NOTE 3. OTHER CONTINGENT LIABILITIES AND OTHER MATTERS

Other Contingent Liabilities

Other Contingent Liabilities (Letters of credit)
The Company had other contingent liabilities totaling approximately $1 million at June 30, 2023, primarily related to outstanding letters of credit.

Value-Added Tax Assessments in Brazil
As further discussed below, the Company’s local operating subsidiaries pay significant amounts of value-added tax (“VAT”) in connection with their operations, which generate tax credits that they normally are entitled to recover through offset, refund, or sale to third parties. In Brazil, VAT is assessed at the state level when green tobacco is transferred between states. The Company’s operating subsidiary there pays VAT when tobaccos grown in the states of Santa Catarina and Parana are transferred to its factory in the state of Rio Grande do Sul for processing.

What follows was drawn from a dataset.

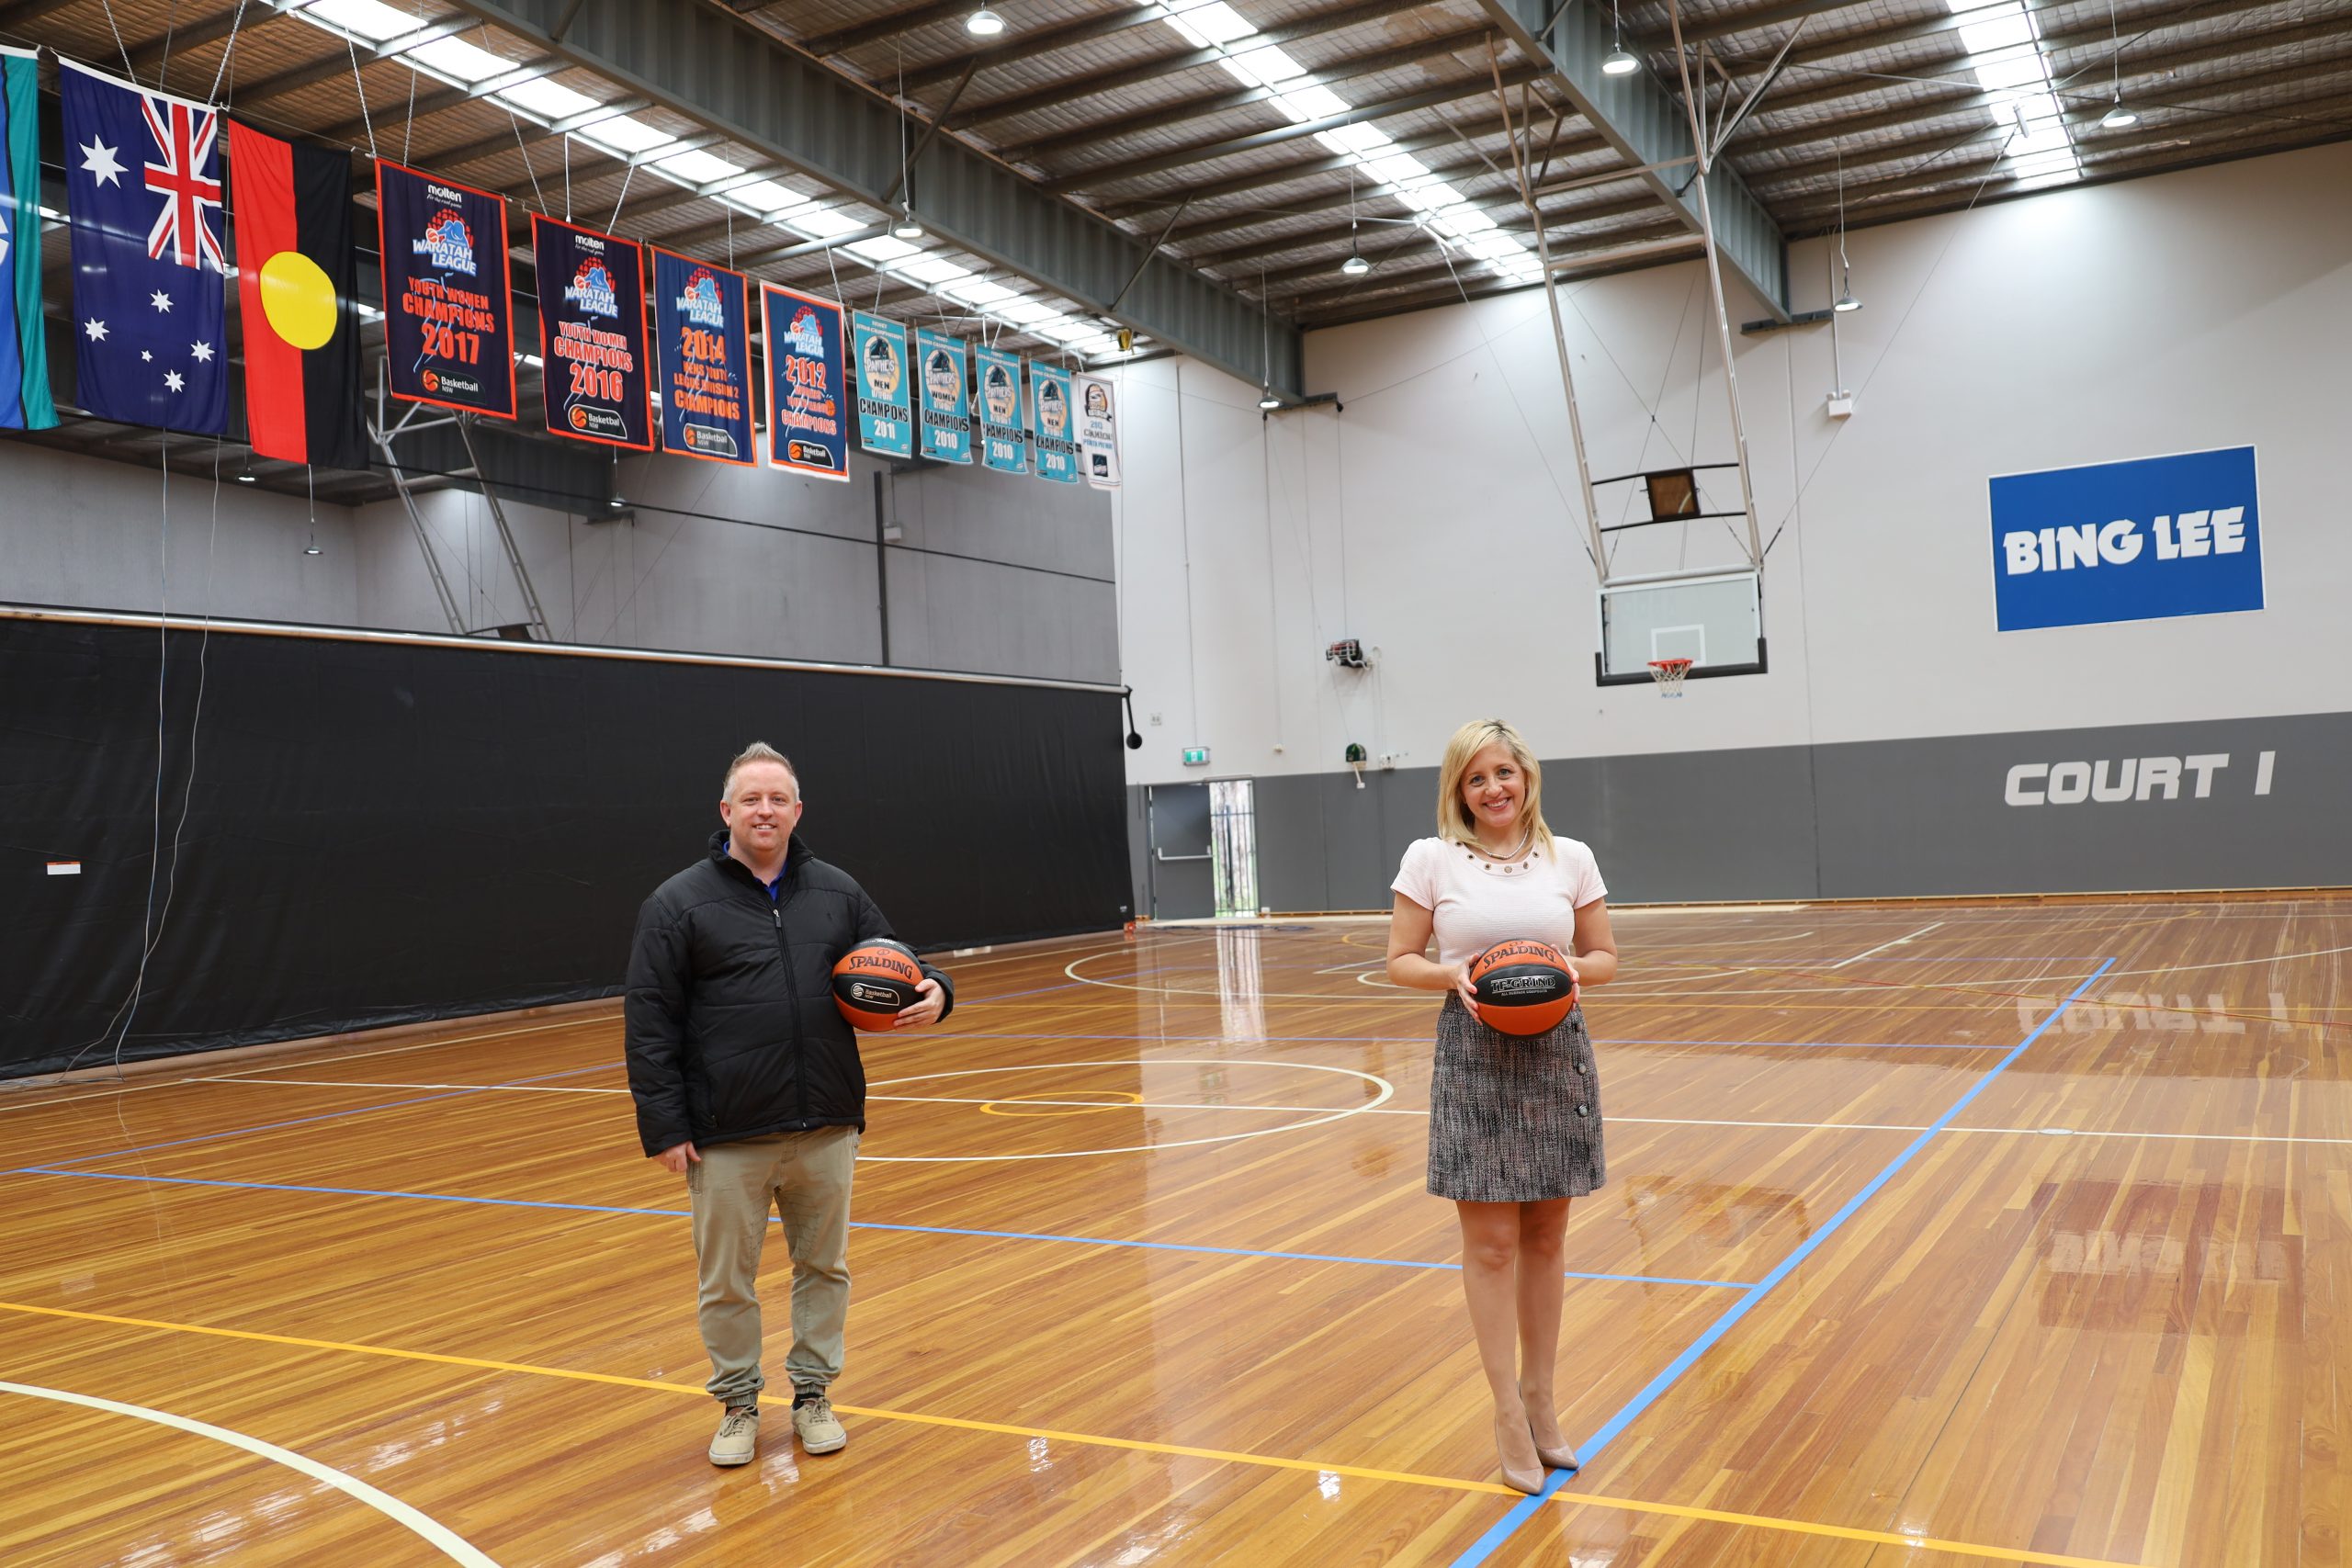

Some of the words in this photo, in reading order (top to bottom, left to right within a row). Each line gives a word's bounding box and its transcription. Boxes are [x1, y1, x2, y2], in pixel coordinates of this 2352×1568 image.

The subsidiary has received assessments for additional VAT plus interest and penalties from tax authorities for the states of Santa Catarina and Parana based on audits of the subsidiary’s VAT filings for specified periods. In June 2011, tax authorities for the state of Santa Catarina issued assessments for tax, interest, and penalties for periods from 2006 through 2009 totaling approximately $10 million. In September 2014, tax authorities for the state of Parana issued an assessment for tax, interest, and penalties for periods from 2009 through 2014 totaling approximately $11 million. Those amounts are based on the exchange rate for the Brazilian currency at June 30, 2023. Management of the operating subsidiary and outside counsel believe that errors were made by the tax authorities for both states in determining all or significant portions of these assessments and that various defenses support the subsidiary’s positions.

With respect to the Santa Catarina assessments, the subsidiary took appropriate steps to contest the full amount of the claims. As of June 30, 2023, a portion of the subsidiary’s arguments had been accepted, and the outstanding assessment had been reduced. The reduced assessment, together with the related accumulated interest through the end of the current reporting period, totaled approximately $10 million (at the June 30, 2023 exchange rate). The subsidiary is continuing to contest the full remaining amount of the assessment. While the range of reasonably possible loss is zero up to the full $10 million remaining assessment with interest, based on the strength of the subsidiary’s defenses, no loss within that range is considered probable at this time and no liability has been recorded at June 30, 2023.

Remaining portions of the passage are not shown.